The following statement can be attributed to Vicki Shabo, Senior Fellow for Paid Leave Policy and Strategy for the Better Life Lab at New America:

"Yesterday, on the very day the United States crossed a grim 300,000 COVID-19 death threshold, key members of Congress drafting a $908 billion relief package made a conscious – and unconscionable – choice to let emergency paid sick days and paid family leave provisions lapse at the end of the year by failing to include an extension of expiring provisions in their proposed package. Congressional leadership must intervene immediately to include these essential provisions in any final relief package. Congress’ inaction creates barriers to safety, security and the healthy functioning of households, businesses, schools and communities. It ties the hands of workers and businesses when they need help the most. It is a choice the country cannot afford.

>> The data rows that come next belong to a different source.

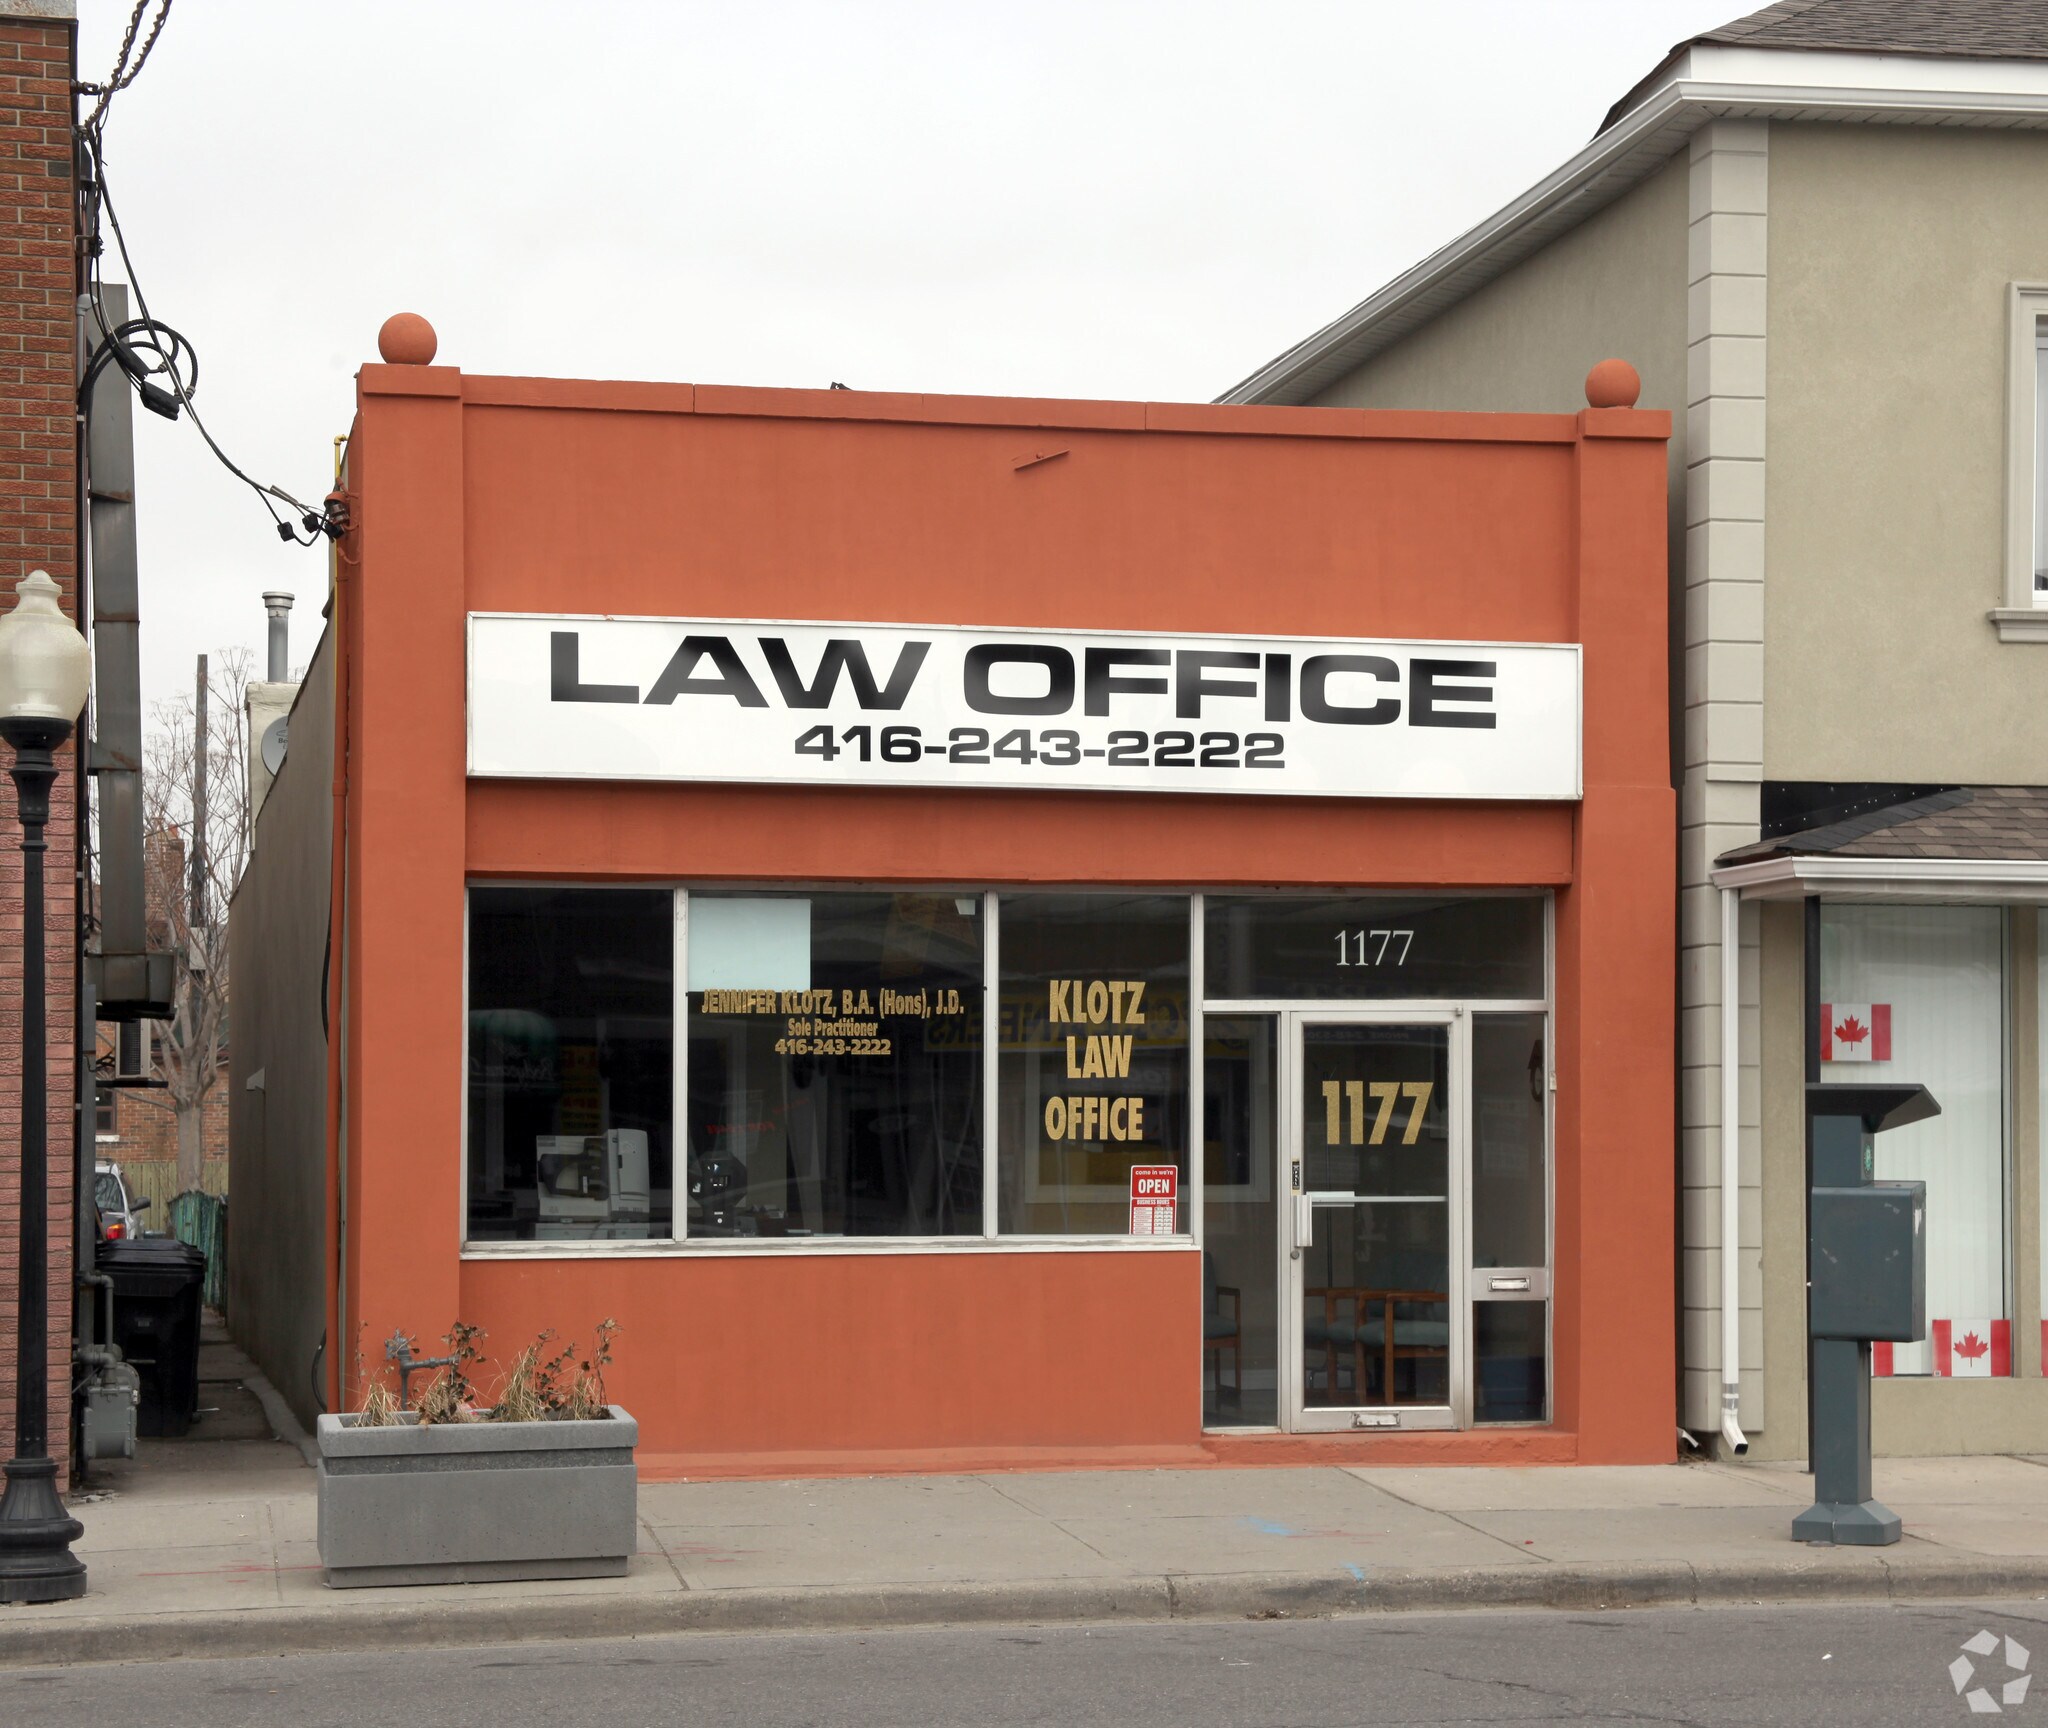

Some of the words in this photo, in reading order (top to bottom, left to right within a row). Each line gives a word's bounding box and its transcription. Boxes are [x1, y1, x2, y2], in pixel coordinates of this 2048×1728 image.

[551, 631, 932, 710] LAW
[964, 644, 1496, 729] OFFICE
[795, 725, 1285, 768] 416-243-2222
[1334, 929, 1414, 966] 1177
[702, 989, 776, 1014] JENNIFER
[781, 989, 836, 1017] KLOTZ,
[842, 989, 874, 1014] B.A.
[880, 988, 931, 1019] (Hons),
[935, 989, 964, 1014] J.D.
[1050, 980, 1146, 1024] KLOTZ
[775, 1038, 891, 1055] 416-243-2222
[788, 1017, 811, 1036] Sole
[814, 1018, 878, 1037] Practitioner
[1066, 1035, 1133, 1078] LAW
[1045, 1096, 1144, 1141] OFFICE
[1322, 1080, 1433, 1145] 1177
[1138, 1179, 1169, 1194] OPEN

"Emergency paid leave is shown to prevent more than 400 COVID-19 cases per day per state, or more than 15,000 COVID-19 cases per day nationwide. Ensuring workers have paid leave through the looming “dark winter” would save lives, conserve health care resources, help businesses afford paid leave and keep workers attached to their jobs. In contrast, cutting off the right of up to 87 million workers to receive paid leave to quarantine, self-isolate or seek a diagnosis by allowing the emergency provisions passed in March as part of the Families First Coronavirus Response Act to sunset will move the country more deeply in the wrong direction in containing this deadly and disruptive virus at the very time when the country needs mitigating measures the most.

"The Joint Committee on Taxation reportedly estimates that a three month extension of emergency paid sick and family leave would cost $1.8 billion dollars – less than .2 percent of the cost of the total $908 billion package and a small fraction of the $300 billion that Congress is allocating for PPP loans. The emergency paid leave funds, like PPP, are also funds that would flow to small businesses, which depend on a healthy workforce to keep functioning."